Phrase grounding data:
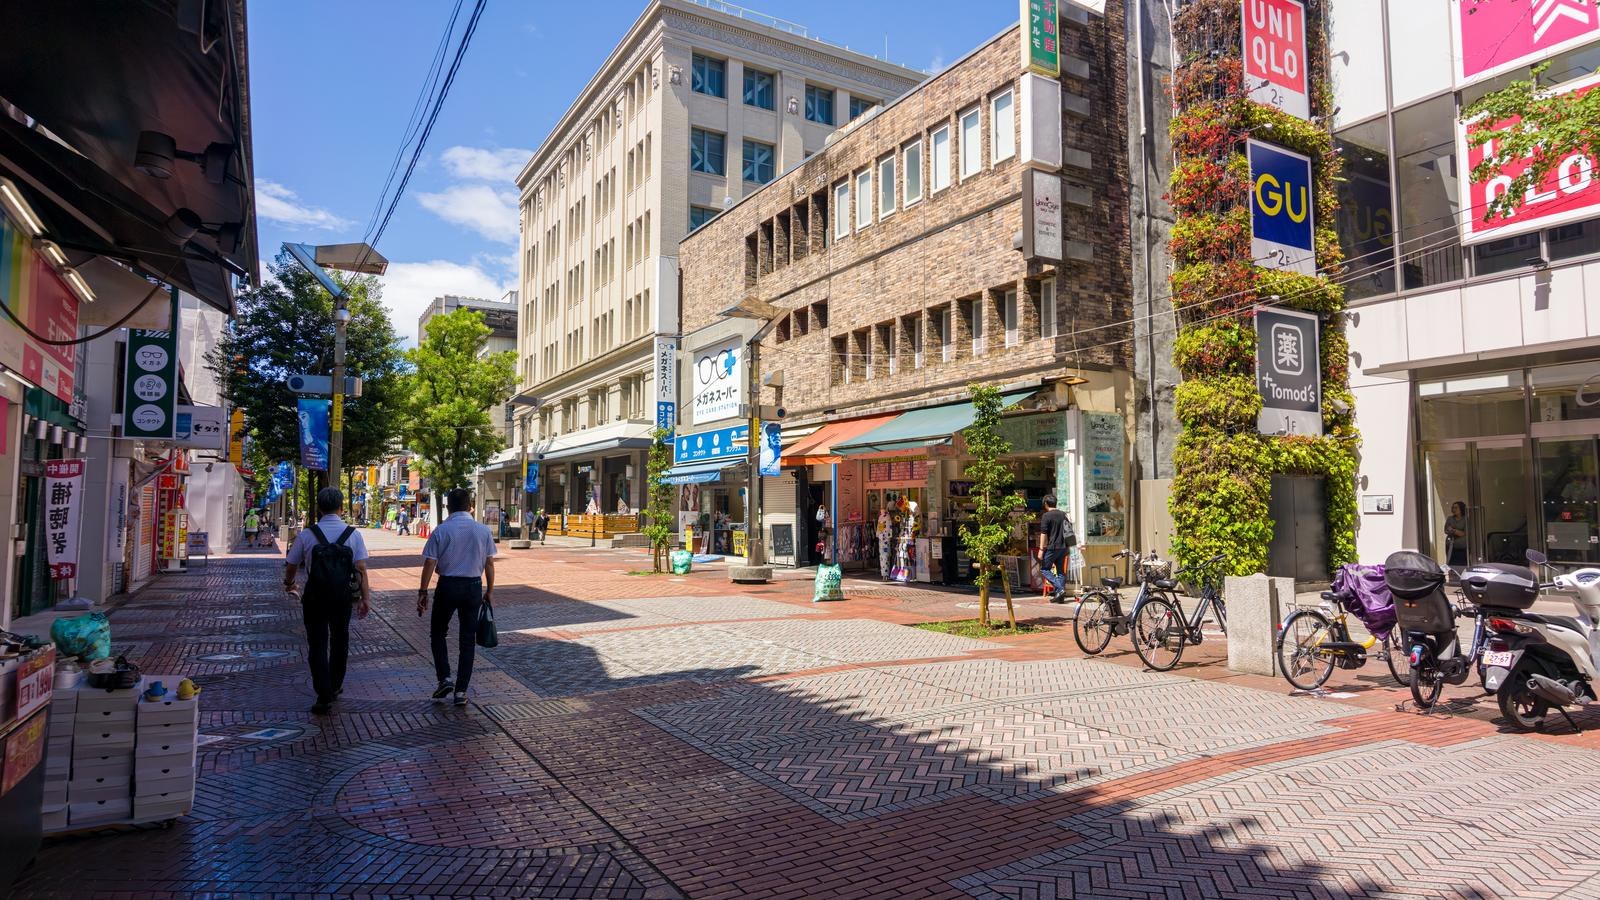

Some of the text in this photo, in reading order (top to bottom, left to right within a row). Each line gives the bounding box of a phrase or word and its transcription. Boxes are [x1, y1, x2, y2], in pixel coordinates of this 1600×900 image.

[1251, 0, 1292, 42] UNI
[1252, 35, 1298, 79] QLO
[1271, 88, 1284, 107] 2F
[1255, 173, 1307, 224] GU
[1278, 250, 1290, 267] 2F
[1277, 332, 1299, 367] 薬
[696, 386, 738, 407] メガネスーパー
[1270, 383, 1315, 403] Tomod's
[1285, 415, 1296, 432] 1F
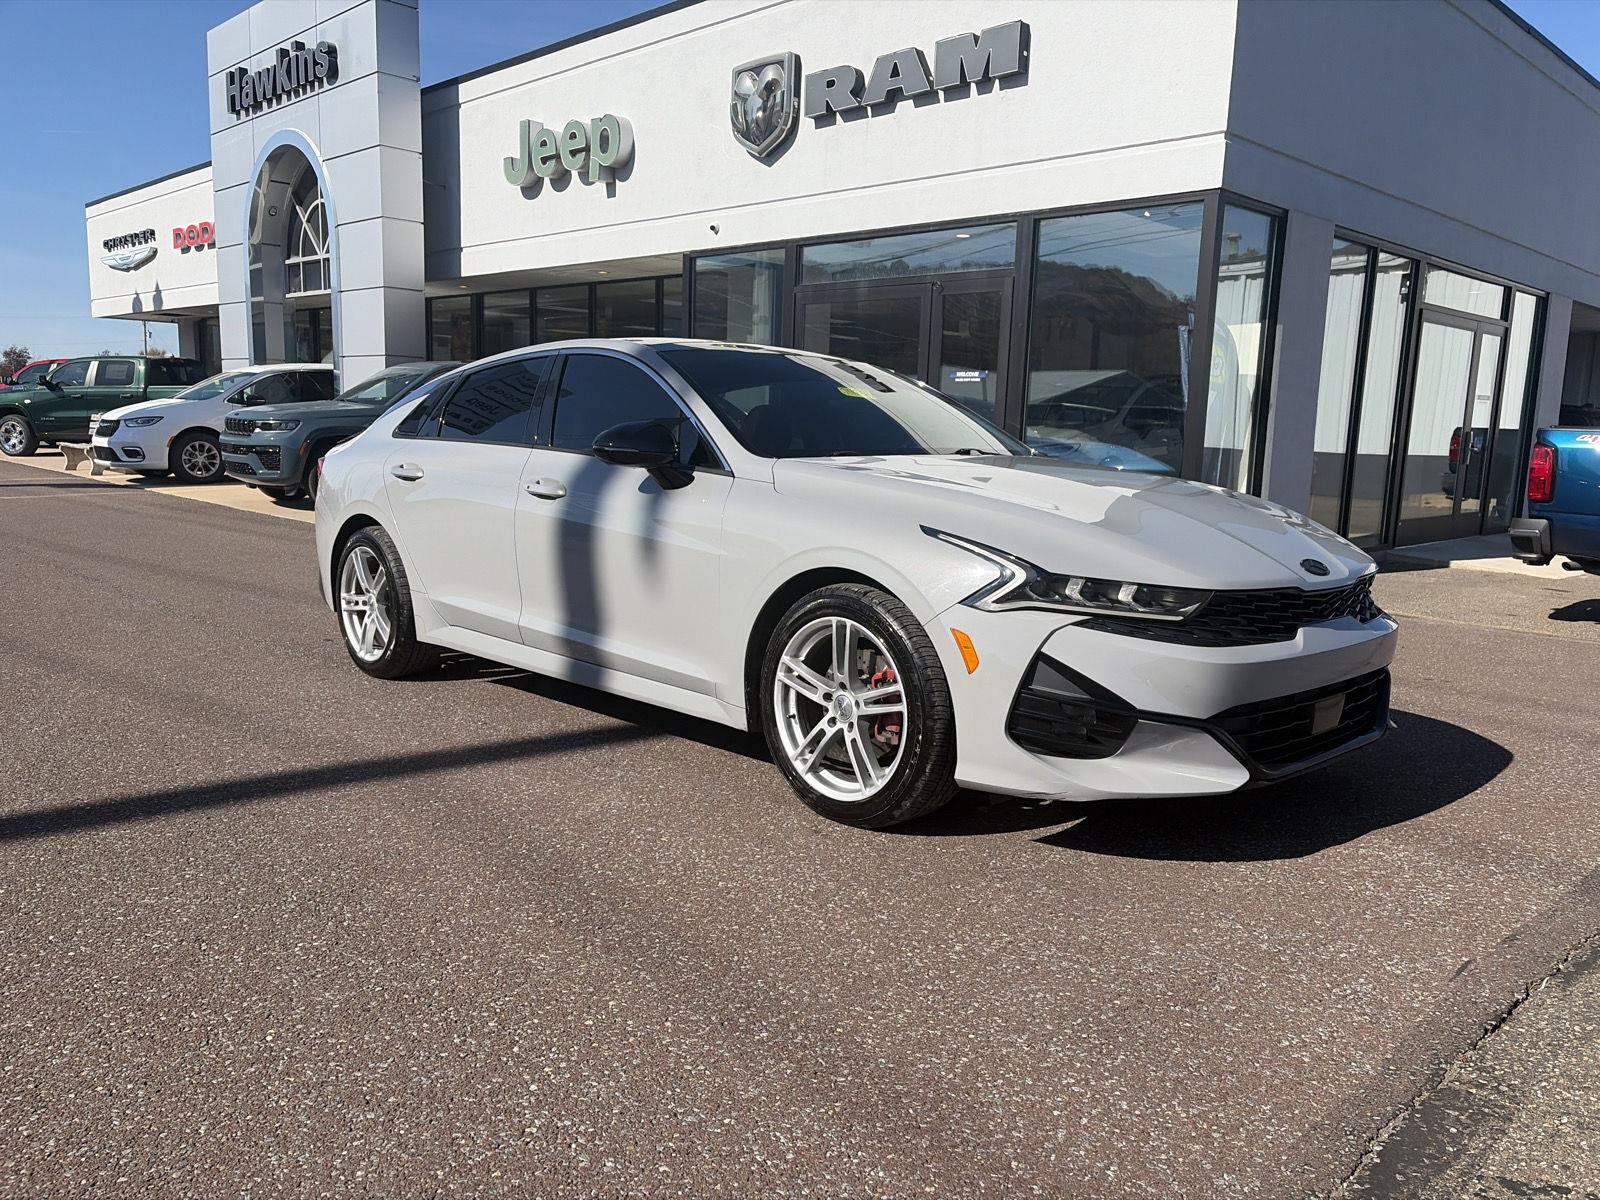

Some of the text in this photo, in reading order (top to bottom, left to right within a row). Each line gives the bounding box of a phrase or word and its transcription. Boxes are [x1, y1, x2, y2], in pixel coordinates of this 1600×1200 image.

[226, 40, 337, 115] Hawkins
[805, 20, 1030, 120] RAM
[503, 113, 629, 188] Jeep
[103, 228, 155, 249] CHRYSLER
[173, 221, 216, 249] DOD
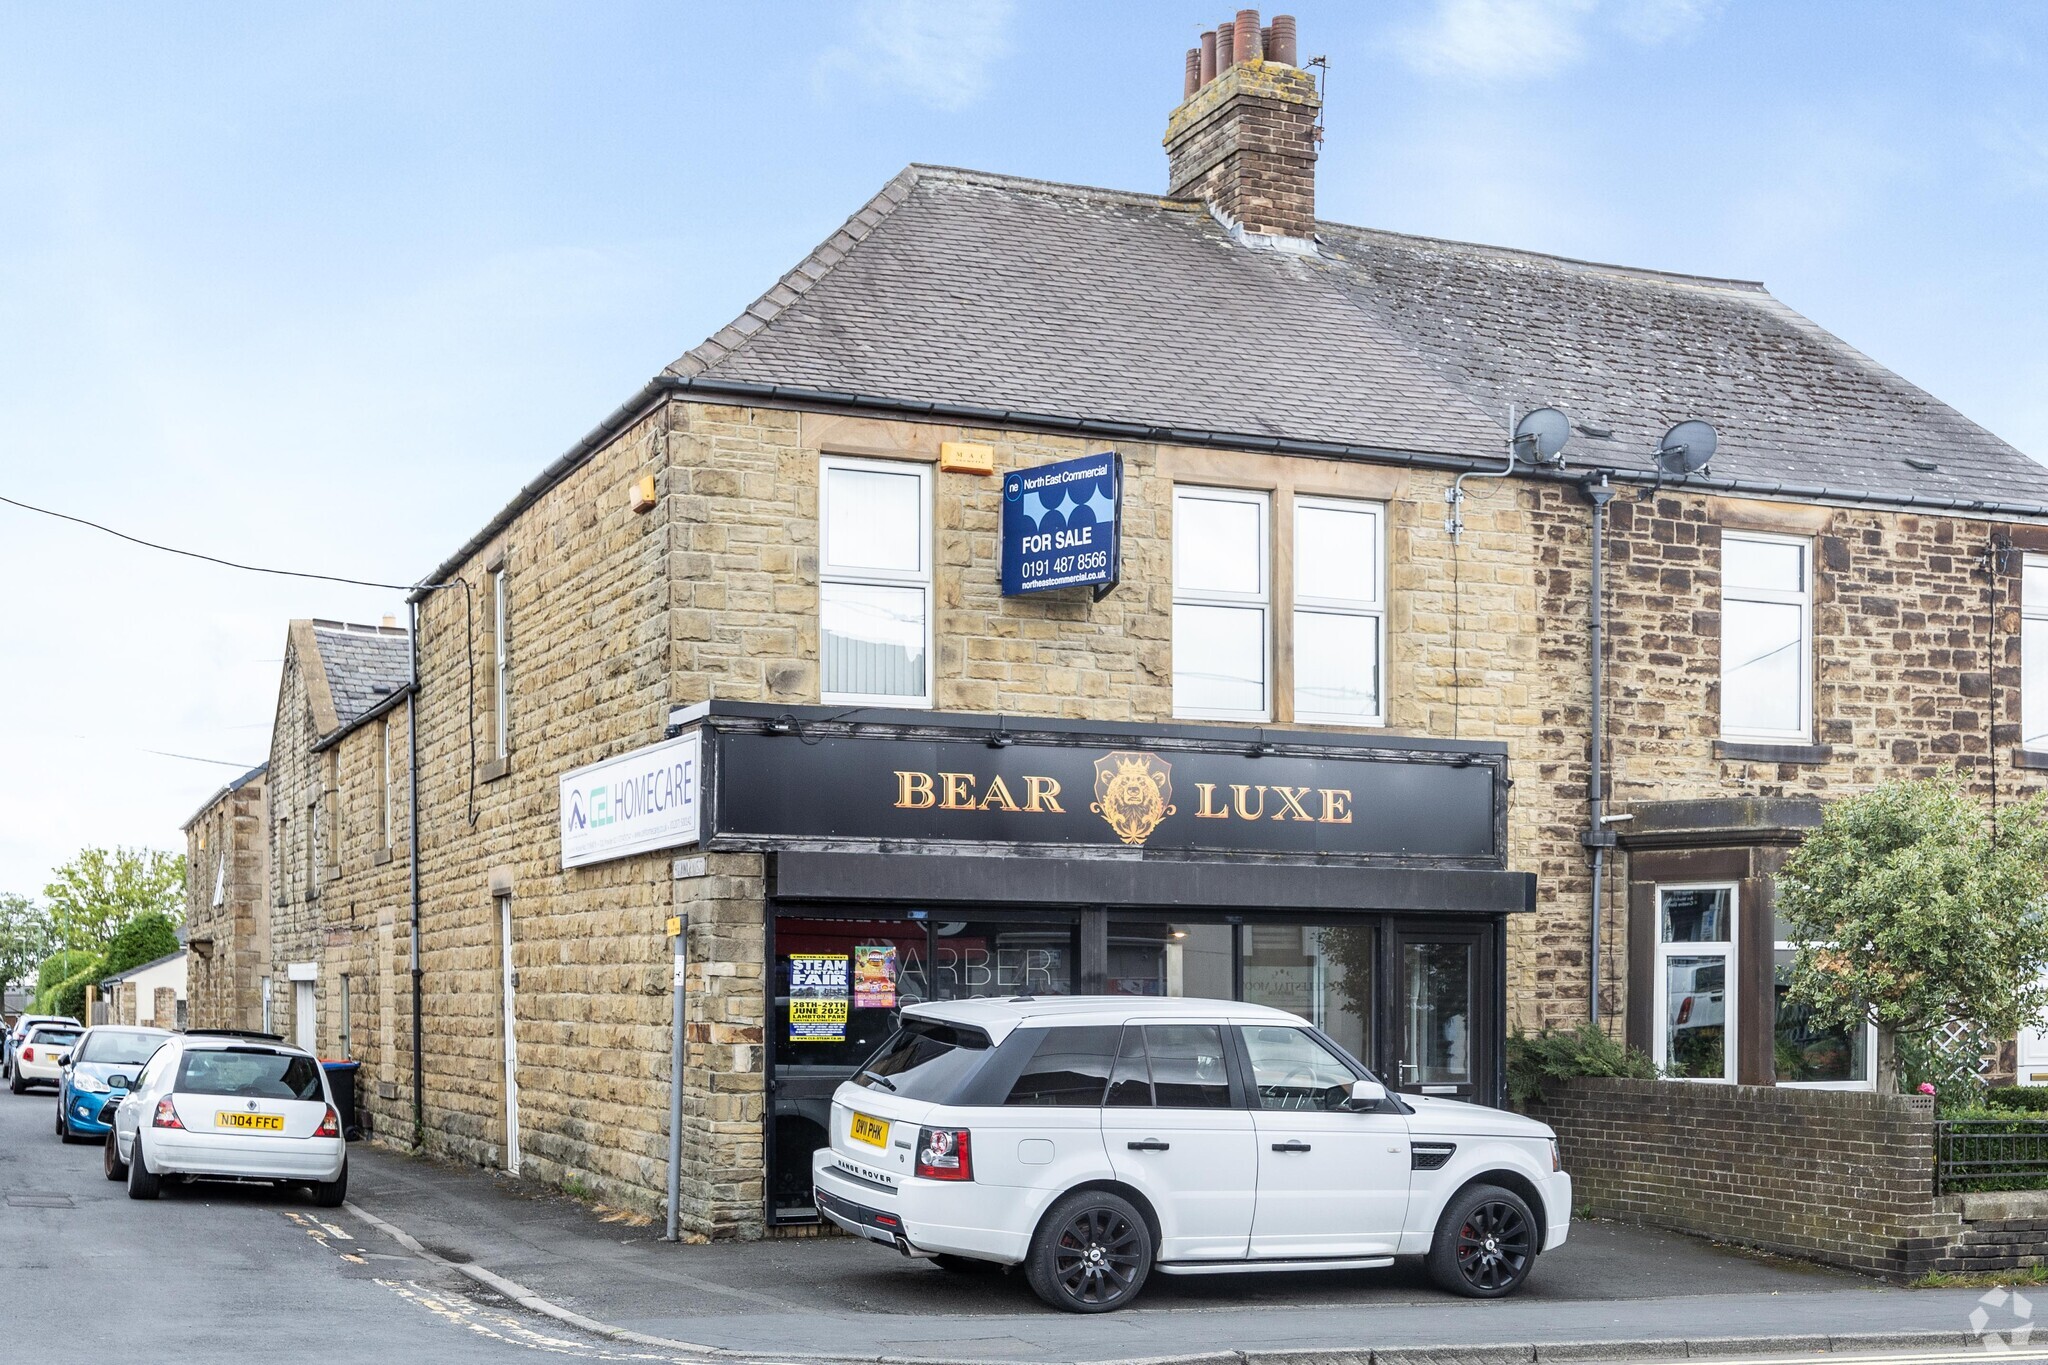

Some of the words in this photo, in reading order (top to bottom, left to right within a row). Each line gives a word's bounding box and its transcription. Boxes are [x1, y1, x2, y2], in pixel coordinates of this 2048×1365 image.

What the task asks =
Copy out each line of the data exactly as it reads; skip the pictures.

Solution for this task =
Some of the text in this photo, in reading order (top to bottom, left to right within a row). Each line gives the bounding box of a phrase or word and its transcription. Boxes are [x1, y1, x2, y2], in pixel coordinates of this 1600×900 image.

[1251, 0, 1292, 42] UNI
[1252, 35, 1298, 79] QLO
[1271, 88, 1284, 107] 2F
[1255, 173, 1307, 224] GU
[1278, 250, 1290, 267] 2F
[1277, 332, 1299, 367] 薬
[696, 386, 738, 407] メガネスーパー
[1270, 383, 1315, 403] Tomod's
[1285, 415, 1296, 432] 1F

Some of the text in this photo, in reading order (top to bottom, left to right within a row). Each line gives the bounding box of a phrase or word and its transcription. Boxes are [x1, y1, x2, y2], in pixel coordinates of this 1600×1200 image.

[226, 40, 337, 115] Hawkins
[805, 20, 1030, 120] RAM
[503, 113, 629, 188] Jeep
[103, 228, 155, 249] CHRYSLER
[173, 221, 216, 249] DOD

Some of the words in this photo, in reading order (top to bottom, left to right within a row). Each line gives a word's bounding box and its transcription. Boxes are [x1, y1, x2, y2], in pixel coordinates of this 2048×1365 image.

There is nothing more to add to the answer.